Bibliothèque d’éducation et de récréation J. Hetzel et Cie (p. 204-219).


CHAPITRE XIV

DEUX SECRETS


Jo était très occupée dans son grenier. Les jours d’octobre commençaient à devenir froids, et les après-midi étaient courtes. Pendant deux ou trois jours, le soleil brillant éclaira Jo assise sur le vieux sofa et écrivant fiévreusement dans ses cahiers étalés devant elle, pendant que Raton, son singulier favori, accompagné de son fils aîné, un beau jeune homme qui était évidemment très fier de ses naissantes moustaches, se promenait dans les haricots. Jo, très absorbée par son œuvre, arriva enfin à sa dernière page. Ce fut avec une satisfaction très grande qu’elle traça au bas, en plus gros caractères, ce joli mot « Fin », que les auteurs aiment tant à écrire, et son nom orné d’un paraphe gigantesque.

Elle jeta alors sa plume de côté en s’écriant :

« Là ! j’ai fait ce que j’ai pu. Si cela ne convient pas, il faudra que j’attende jusqu’à ce que je puisse mieux faire. »

Et, se renversant sur son vieux sofa, elle relut soigneusement son manuscrit, soulignant çà et là certains passages, y ajouta beaucoup de points d’exclamation ressemblant à autant de petits manches à balai, puis elle le roula, le lia avec un ruban rouge et resta une minute à le regarder d’un air sérieux et absorbé qui montrait visiblement combien elle avait pris son travail à cœur.

Le bureau que Jo avait dans son grenier était un ancien buffet de cuisine appuyé contre le mur.

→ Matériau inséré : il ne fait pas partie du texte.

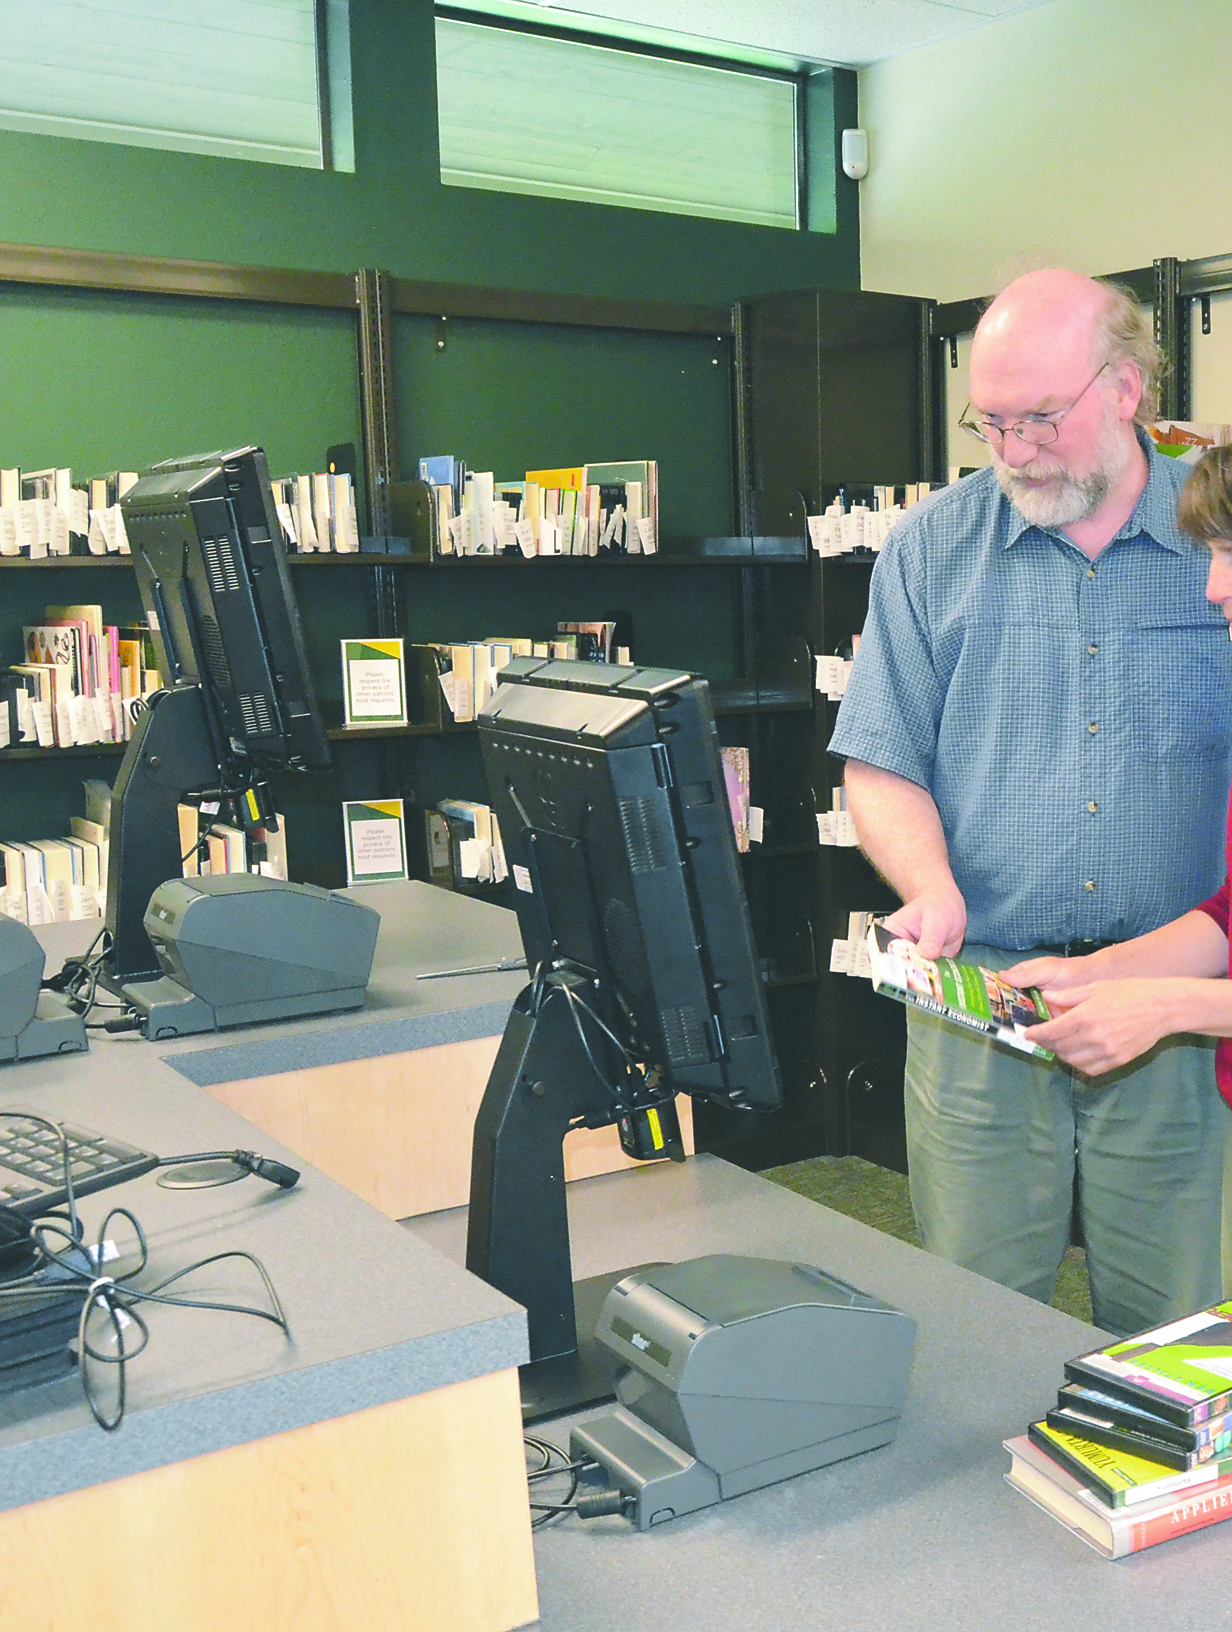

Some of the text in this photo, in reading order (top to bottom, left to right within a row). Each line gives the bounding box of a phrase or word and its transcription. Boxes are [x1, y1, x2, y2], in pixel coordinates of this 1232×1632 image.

[915, 995, 947, 1015] INSTANT
[947, 1008, 990, 1032] ECONOMIST
[1129, 1360, 1183, 1381] STILLER
[1185, 1381, 1216, 1394] BEN
[1157, 1477, 1191, 1491] Yumurta

C’est là qu’elle enfermait ses papiers et quelques livres, pour les tenir hors de la portée de Raton et de monsieur son fils. Ayant comme elle des goûts littéraires très prononcés, ces deux rongeurs n’épargnaient pas les livres qui tombaient sous leurs dents aiguës. Jo prit un autre manuscrit dans ce réceptacle, et, le mettant, avec celui qu’elle venait d’achever, dans sa poche, elle descendit doucement l’escalier, laissant ses amis grignoter ses plumes et goûter à son encre. Arrivée au rez-de-chaussée, elle mit son chapeau et son manteau en faisant le moins de bruit possible. Ouvrant alors avec précaution une fenêtre du côté opposé à l’endroit où étaient ses sœurs, elle grimpa sur l’appui qui était très peu élevé, sauta par terre dans l’herbe et prit en courant un chemin de traverse qui la mena à la grande route. Une fois là, elle rajusta ses vêtements, se composa un maintien digne et sérieux, fit signe à un omnibus qui passait, et se laissa conduire vers la ville.

Si quelqu’un l’avait observée, il aurait à coup sûr trouvé ses mouvements extraordinaires, car, si, une fois descendue d’omnibus, elle marcha d’abord à grands pas, ce fut pour s’arrêter bientôt et brusquement devant un certain numéro d’une certaine rue très fréquentée. Ayant alors, après un peu d’hésitation, reconnu que c’était bien là la maison qu’elle cherchait, elle entra vivement dans l’allée. Mais, cela fait, au lieu de monter l’escalier, elle le regarda et resta quelques minutes en contemplation devant la rampe. Non, César ayant à passer le Rubicon n’avait pas dû être plus perplexe. Jo était-elle moins brave que César ? c’est à croire, car tout à coup, la peur étant la plus forte, elle se rejeta dans la rue aussi rapidement qu’elle était entrée. Confessons-le, Jo, d’ordinaire si vaillante, répéta plusieurs fois cette manœuvre, au grand amusement d’un jeune gentleman qui, posté à une fenêtre de la maison opposée, ne perdait aucun de ses mouvements. Enfin Jo, revenant pour la quatrième fois à l’assaut, sembla résolue pour cette fois. Le sort en était jeté ! Elle enfonça son chapeau sur ses yeux et monta les escaliers quatre à quatre comme elle l’eût fait, si, en proie à une crise de dents, elle s’était déterminée enfin à se faire arracher toute la mâchoire plutôt que de reculer une fois encore.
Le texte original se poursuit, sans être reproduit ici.